SEC Voting Rule Change Good For Creditors and Shareholders
A proposed rule change by the Securities and Exchange Commission to give shareholders much greater power to influence corporate director elections should also benefit creditors, according to Moody’s. That is, unless activist hedge funds hijack the new rights in pursuit of short term gains.
“In play is the so-called “broker vote” rule that allows brokers to vote uninstructed client shares in uncontested (i.e. “routine”) director elections. The issue of broker votes is technical, but significant, since an estimated 70-80% of U.S. public company shares are held in “street name” and managed by brokers. Under current rules, if brokers do not receive voting instructions at least 10 days before the election, they may vote how they wish – usually “for” management’s slate of nominees.
Since many individual shareholders don’t vote, it dilutes the impact of those who do, namely institutional investors and “activist” investors such as hedge funds. Ending the rule (by stipulating that director elections are no longer routine items and brokers cannot vote without receiving client instructions) would therefore give shareholders much more leverage in director elections, including greater ability to remove or signal discontent with underperforming directors.”
We see these moves as largely positive from a creditor perspective, potentially enhancing board accountability and investor awareness.
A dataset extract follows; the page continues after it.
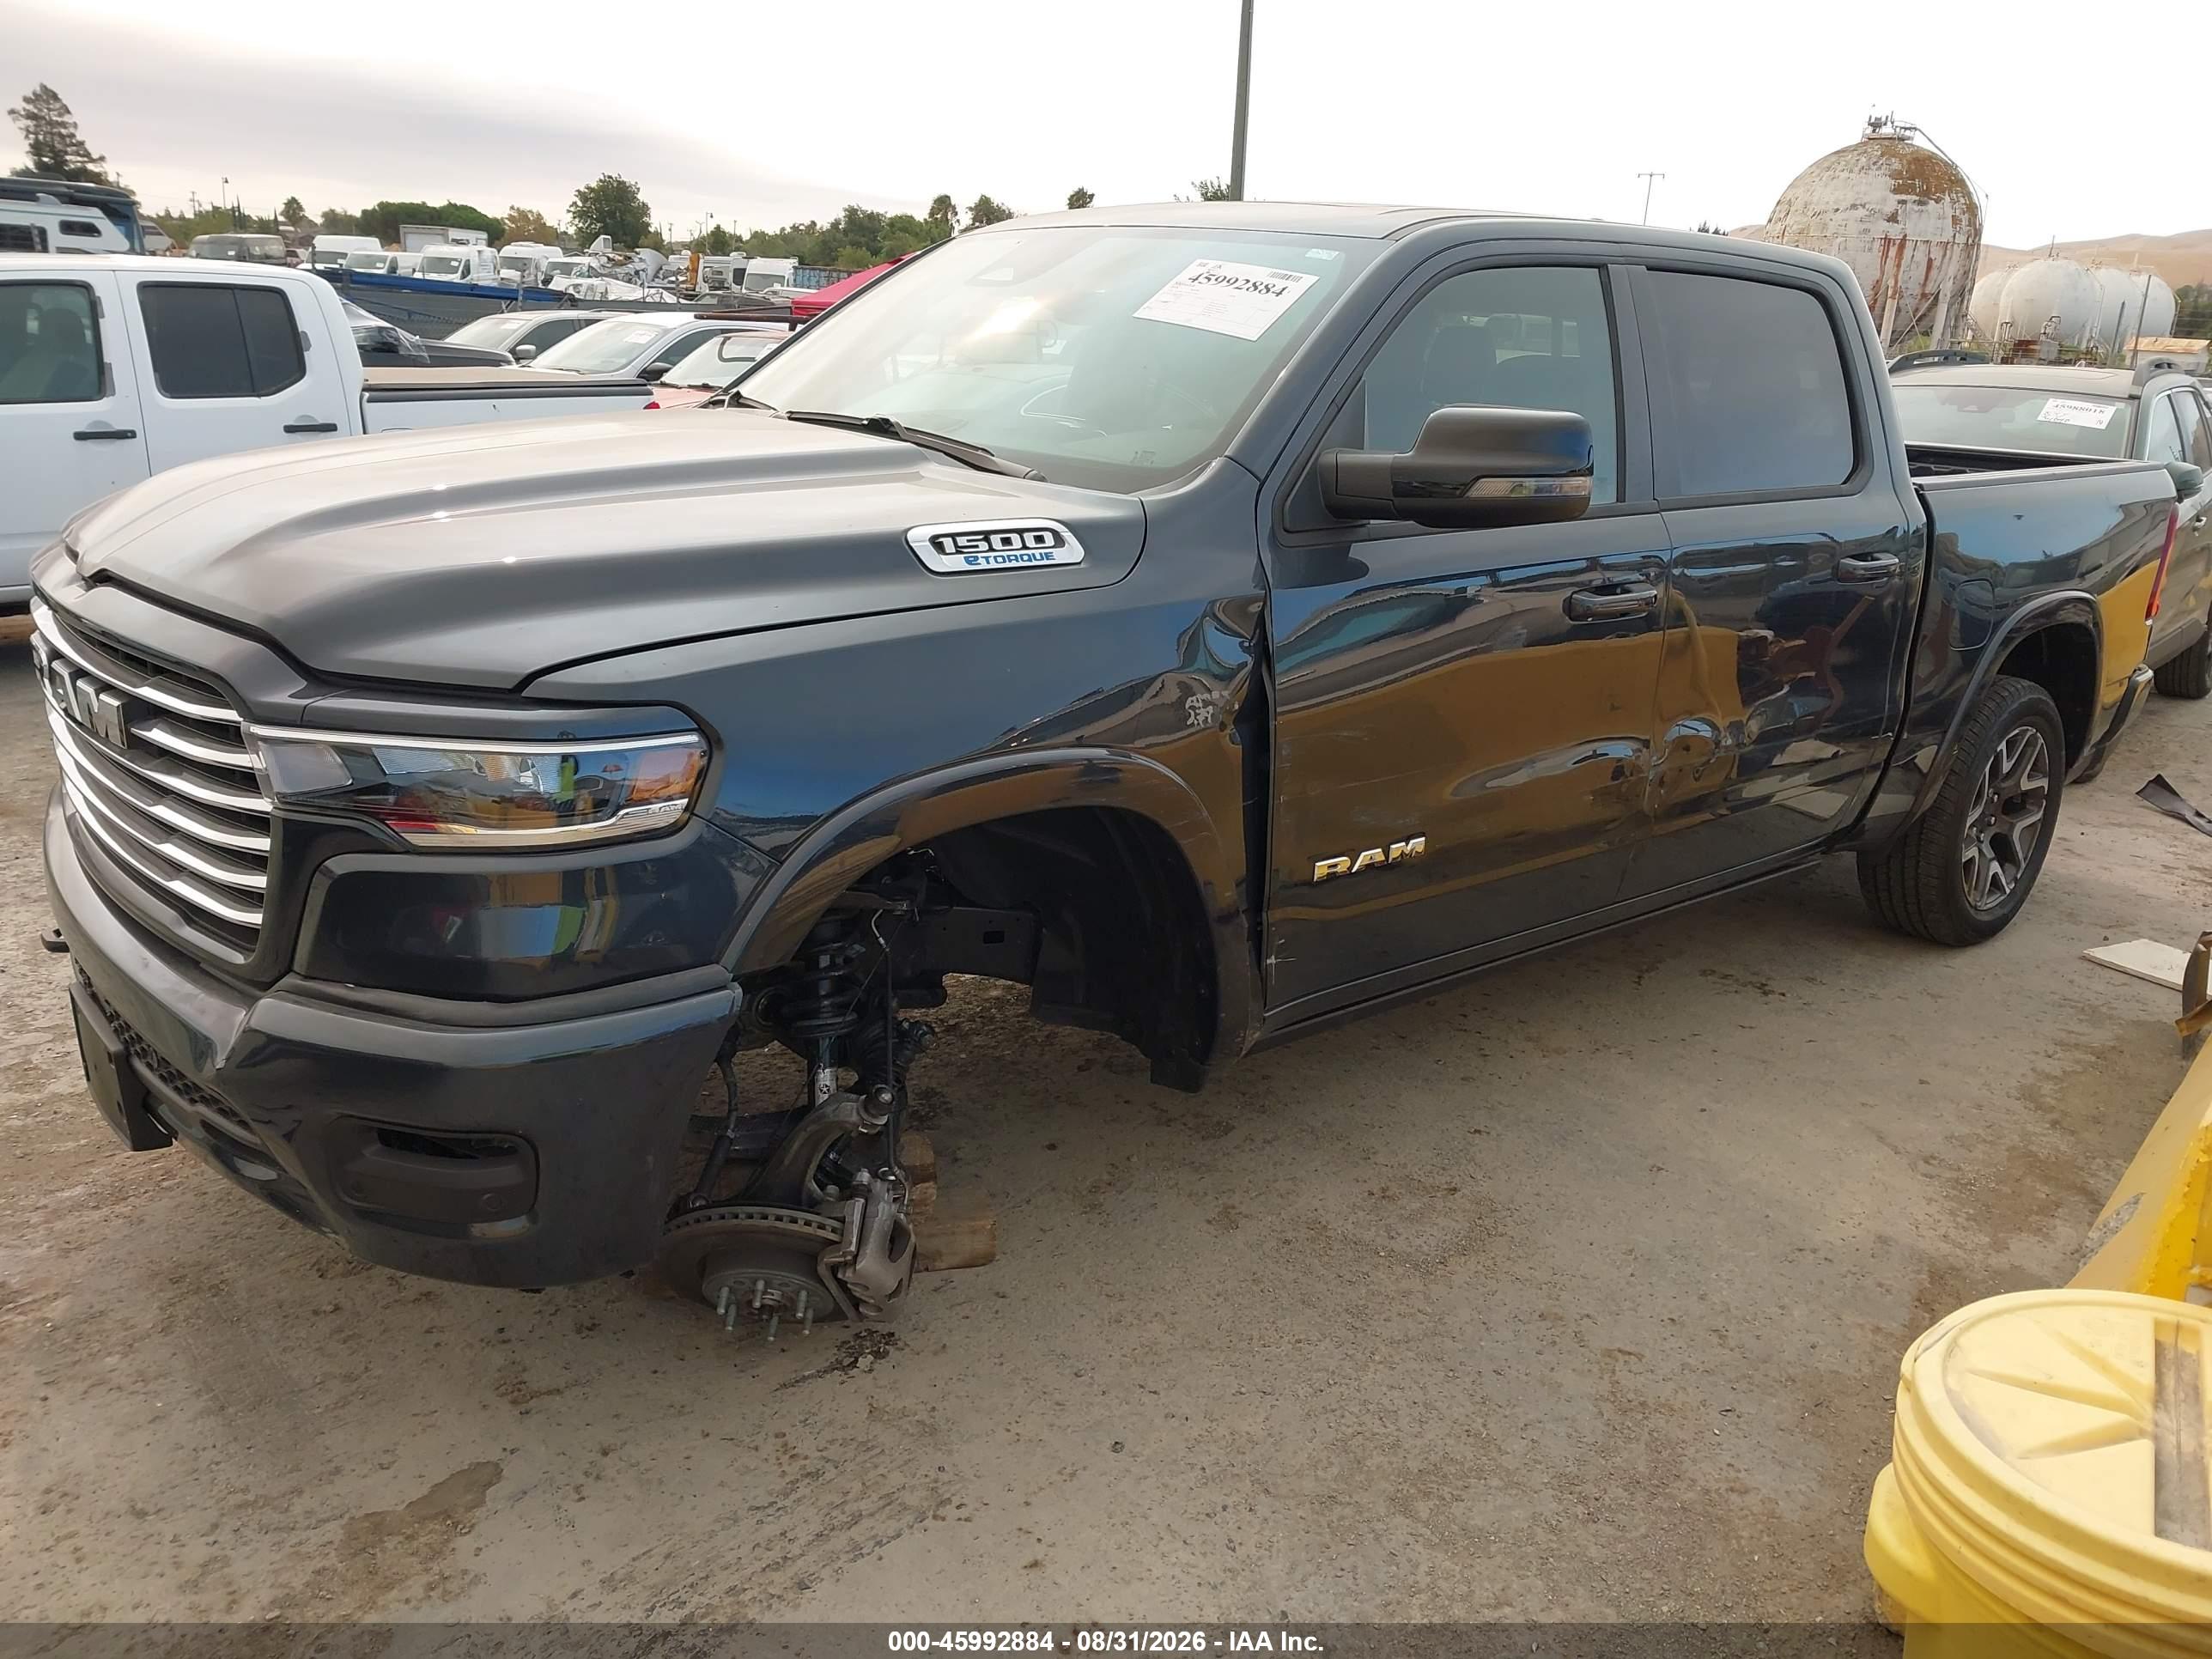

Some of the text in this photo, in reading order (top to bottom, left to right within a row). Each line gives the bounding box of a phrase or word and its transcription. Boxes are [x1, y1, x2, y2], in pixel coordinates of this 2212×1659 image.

[1188, 272, 1289, 298] 45992884
[934, 531, 1055, 554] 1500
[1313, 836, 1426, 883] RAM
However, short-term investors, namely “activist” hedge funds, could hijack these and other proposed new rights, using them to press companies harder for short-term gains at the cost of long-term credit quality.
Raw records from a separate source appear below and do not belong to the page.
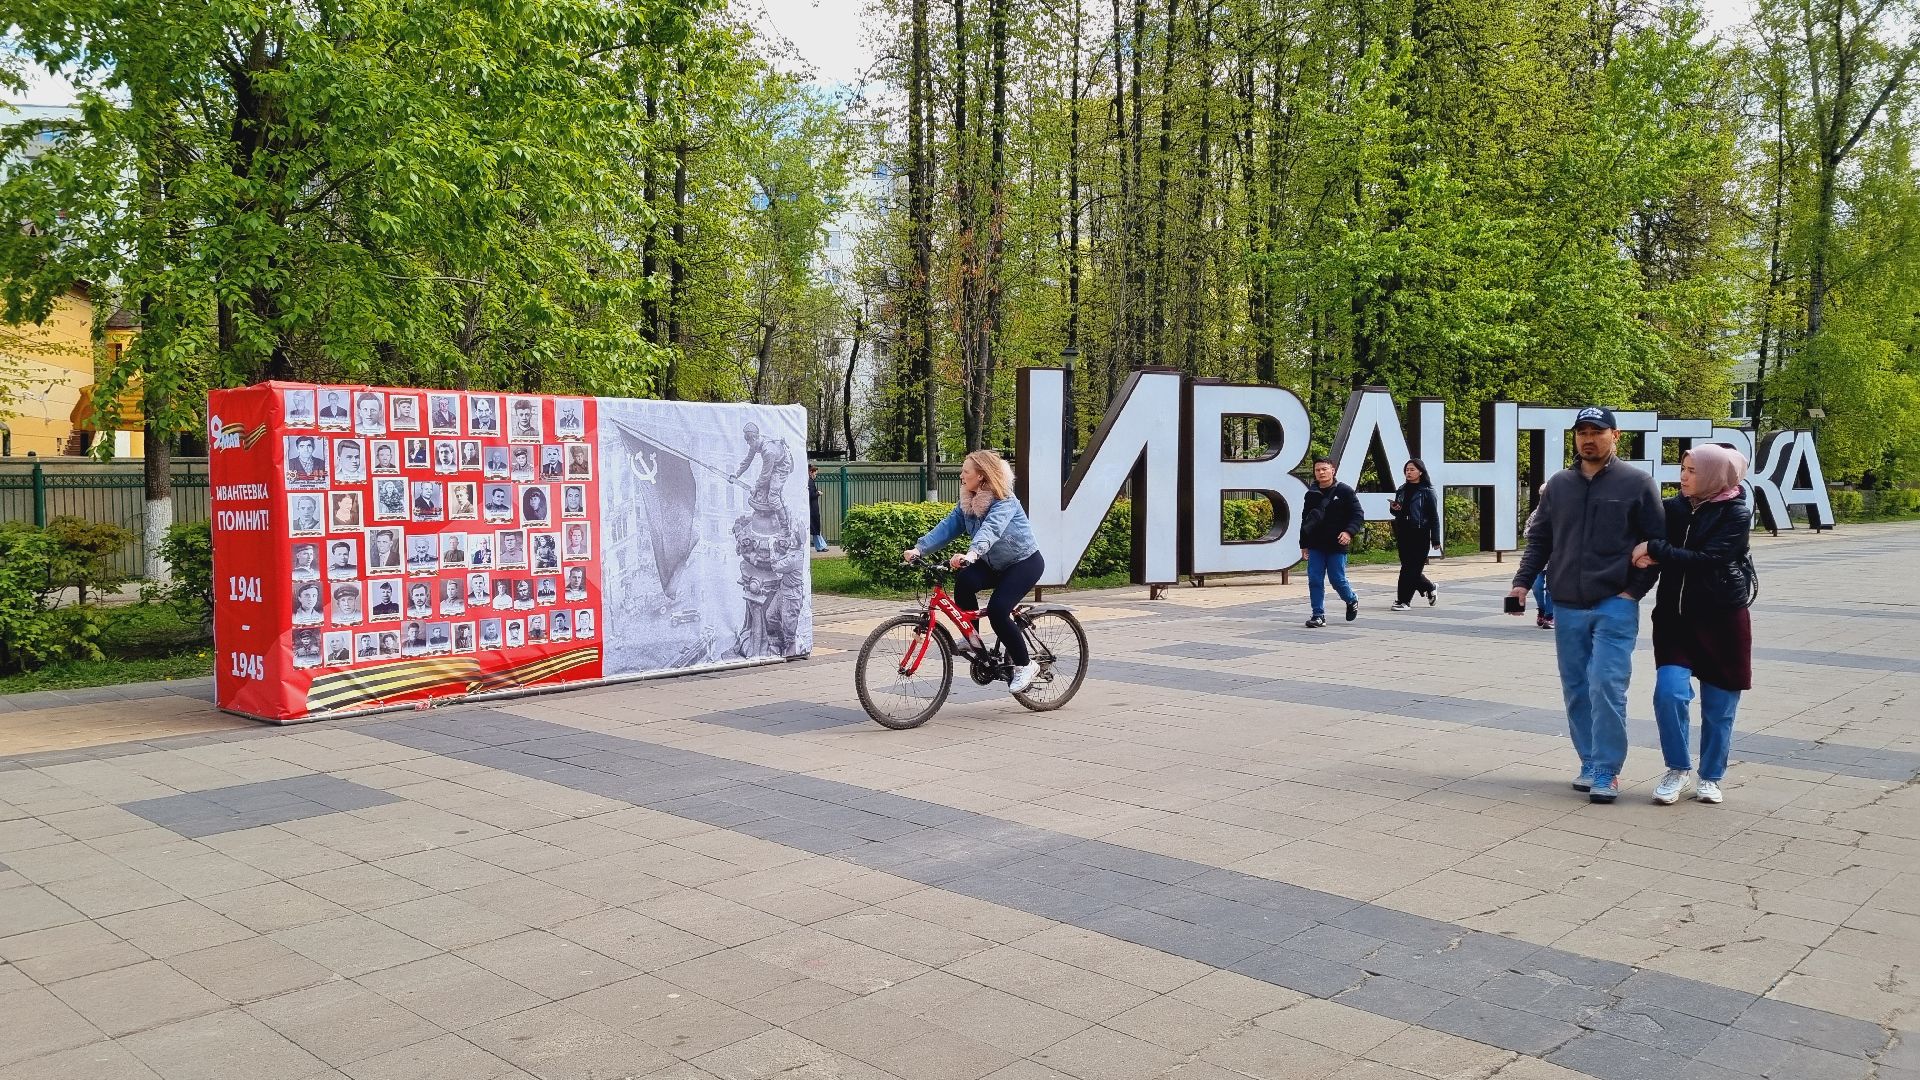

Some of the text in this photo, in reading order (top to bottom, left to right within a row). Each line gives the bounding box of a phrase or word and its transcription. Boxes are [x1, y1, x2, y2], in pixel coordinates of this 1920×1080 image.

[215, 483, 269, 501] ИВАНТЕЕВКА
[217, 510, 270, 531] ПОМНИТ!
[229, 576, 263, 603] 1941
[939, 598, 971, 630] STELS
[231, 652, 265, 681] 1945
“Generally speaking, these new rights, if promulgated, could help improve director and management accountability and awareness if they are used prudently and thoughtfully by long-term shareholders, whose interests are generally aligned with bondholders in terms of long-term value creation. Short-term investors, however, could exercise their new rights to press companies harder for short-term gains, including the adoption of more aggressive financial policy, at the cost of long-term credit quality.”
Moody’s comments are included in its latest Weekly Credit Outlook.